I hope you can learn to celebrate your accomplishments too, however small you think they may be. Big successes are only made possible by the little victories along the way. We're not there yet- but we are on our way!
Hugs!
Tracey
Day 7- Shreddin my life away
Tracey, Mike, and Dave,Hey there,
So, just to catch you up to date in the drama that is the 30 day shred... because I fell asleep and missed my shredding window on Friday night, I promised I would shred twice on Saturday to make up for it. That's a lot of shredding and a lot of showering too but I did it.
6:30 am yesterday was my make up for my Day 6, and I talked about that yesterday. Day 7 was the 2nd time I shredded yesterday. It was 4:30pm. Kismet, my cat and I, hit the basement, to work it out. She likes to lay there when I'm doing the ab work and try to climb into my hair. It adds a nice extra element of tension to the workout.
I am starting to know all of Jillian's lines on the dvd. " I don't want you phoning this in. If you're gonna work out for only 20 minutes, you gotta push yourself."
As much as I yell at her while I'm doing the workout, I have to admit, I really like her. It's like she knows when I'm about to wimp out and she says just the right thing to get me going again. Level 1 is getting a bit easier for me, but still difficult. I'm thinking maybe 2 more days on level 1 and then I'll kick it up to level 2? What do you think?
Sweaty hugs,
Tracey
30 Day Shred- Day 6 True Confessions
Tracey, Mike, and Dave, Saturday, November 7, 2009Hi friends,
Well, here it is. True confessions time. Yesterday, was one of those days where everything just ran longer than I planned. You know what that's like? No matter how well you think you planned it all out, it all fell apart, one appointment at a time.

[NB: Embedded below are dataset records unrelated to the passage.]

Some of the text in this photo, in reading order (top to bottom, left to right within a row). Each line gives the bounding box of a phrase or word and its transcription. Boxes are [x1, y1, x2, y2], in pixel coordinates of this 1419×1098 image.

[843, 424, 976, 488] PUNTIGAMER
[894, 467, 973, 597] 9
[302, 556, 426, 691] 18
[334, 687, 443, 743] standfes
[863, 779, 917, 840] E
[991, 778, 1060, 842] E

I got a bit stressed during the day as I was late for everything, but God reminded me that there is grace for me. It was everywhere! For each meeting I was late for, for all the traffic I had to navigate from one end of town to another.. grace was everywhere. God covered me.
And then, after Brady's football game, I finally made my way home. I had been gone from 4:15am to 10:45pm. I only meant to sit down on the sofa for a minute. But somehow I drifted off and woke up at 1am.

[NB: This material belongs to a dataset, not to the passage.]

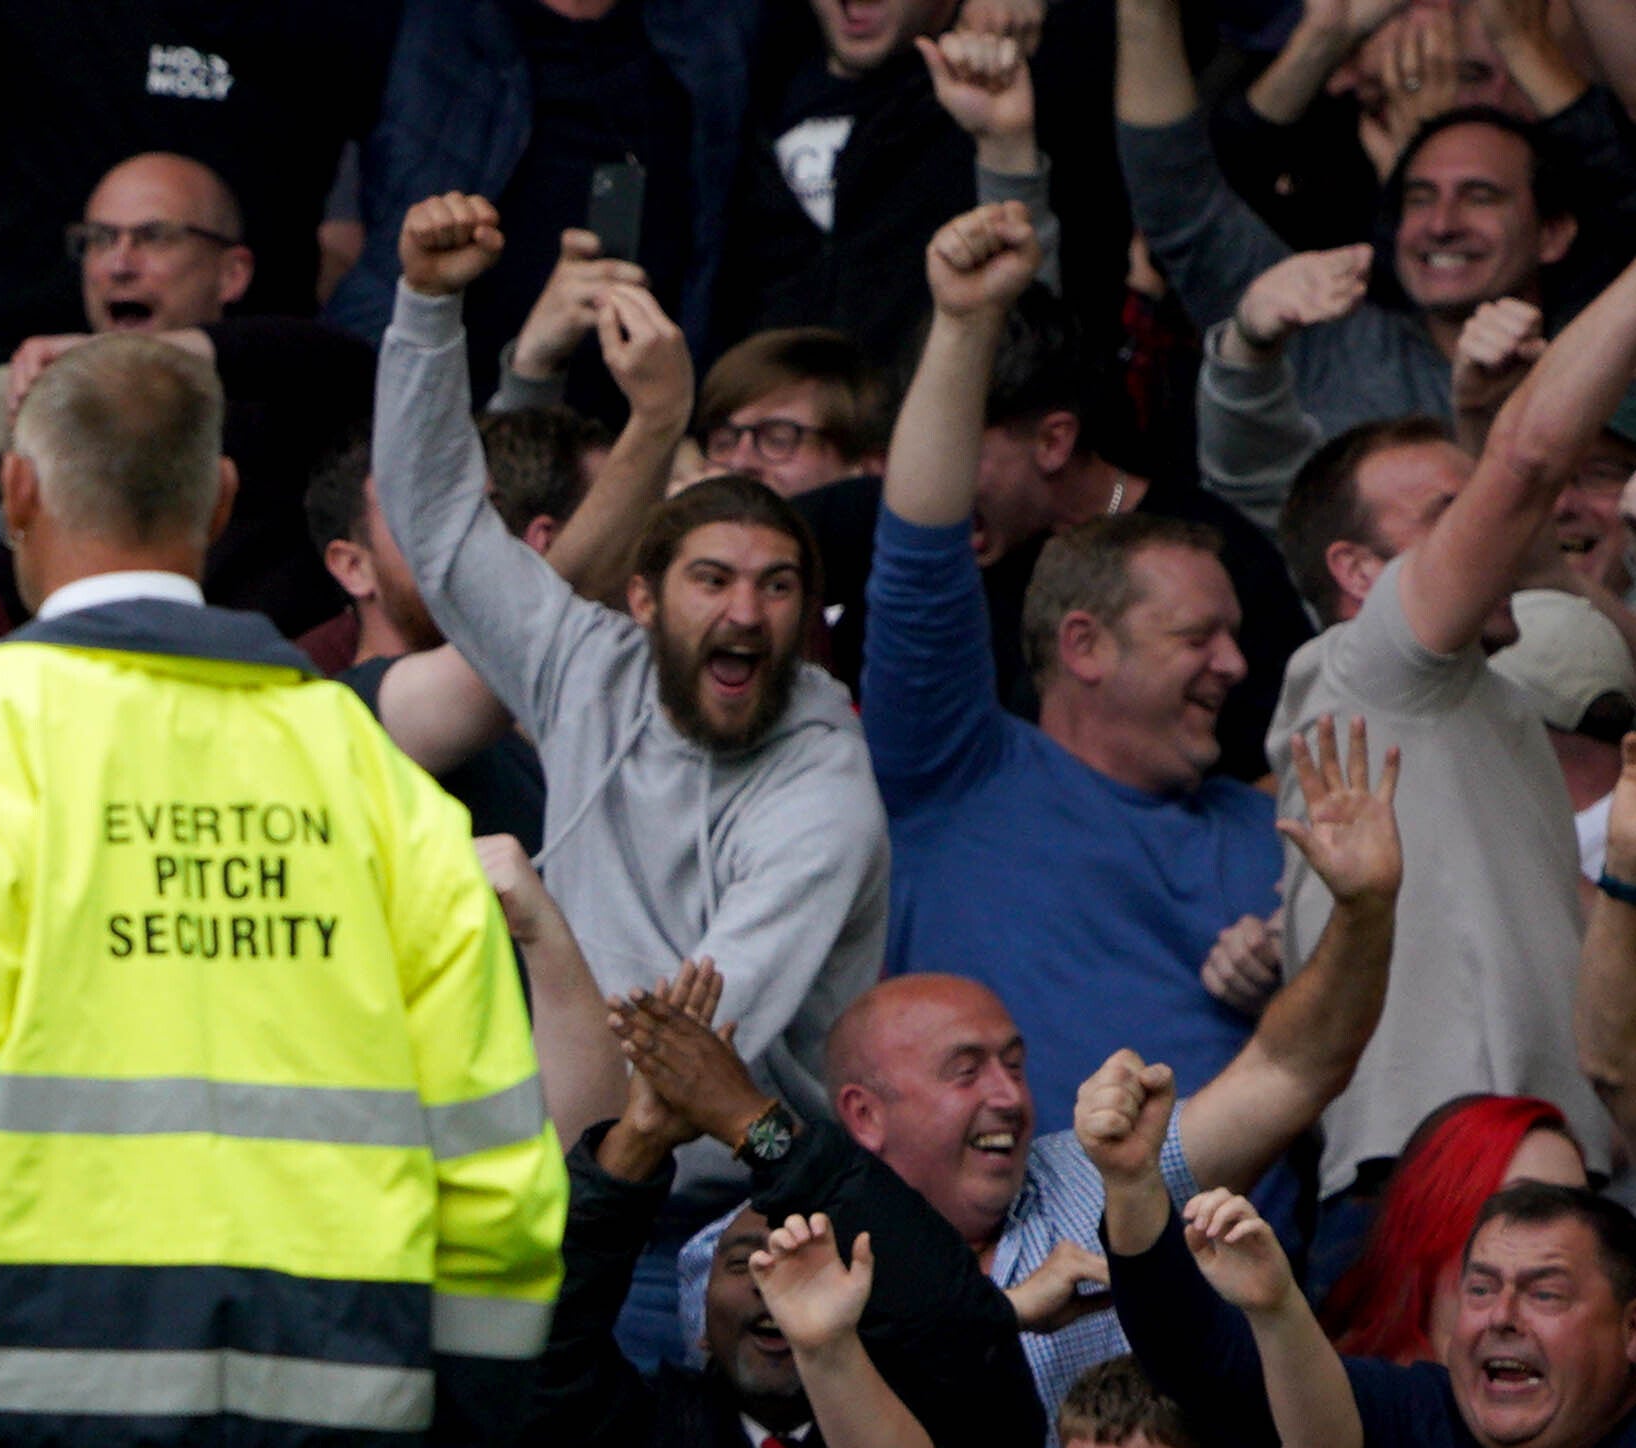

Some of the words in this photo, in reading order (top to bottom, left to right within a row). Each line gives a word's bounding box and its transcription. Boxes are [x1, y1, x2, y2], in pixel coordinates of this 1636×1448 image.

[104, 803, 331, 845] EVERTON
[154, 855, 288, 900] PITCH
[108, 912, 338, 959] SECURITY

Ahhhhhhhhhh! I missed the Shred. My first inclination was to be really upset with myself and go to bed beating myself up pretty good for my lack of commitment and failure to do what I said I would do. And then I remembered the lesson of the day before. There is grace for me.
So Day 6 of the Shred.. was an "exercise" in receiving grace. And Day 7- I have already done my shredding at 6:30am this morning and to make up for missing it yesterday, I'll be shredding again this afternoon.
I'm doing this thing. God will help me.
Much grace to you!
Tracey
Shred- Day 5 Are you kidding me?
Tracey, Mike, and Dave, Friday, November 6, 2009HI friends,
I don't know how this happened. The day got away from me. I worked, I had some appointments and meetings, I even went to the gym.. And then I got home around 8 and started doing some facebook stuff and then and then and then..
You see where this is going?
I feel asleep on the sofa and woke up at 11:24. A gentle way to wake up...
I put on my tennis shoes, go downstairs, pop in the Jillian dvd in and do my SHRED.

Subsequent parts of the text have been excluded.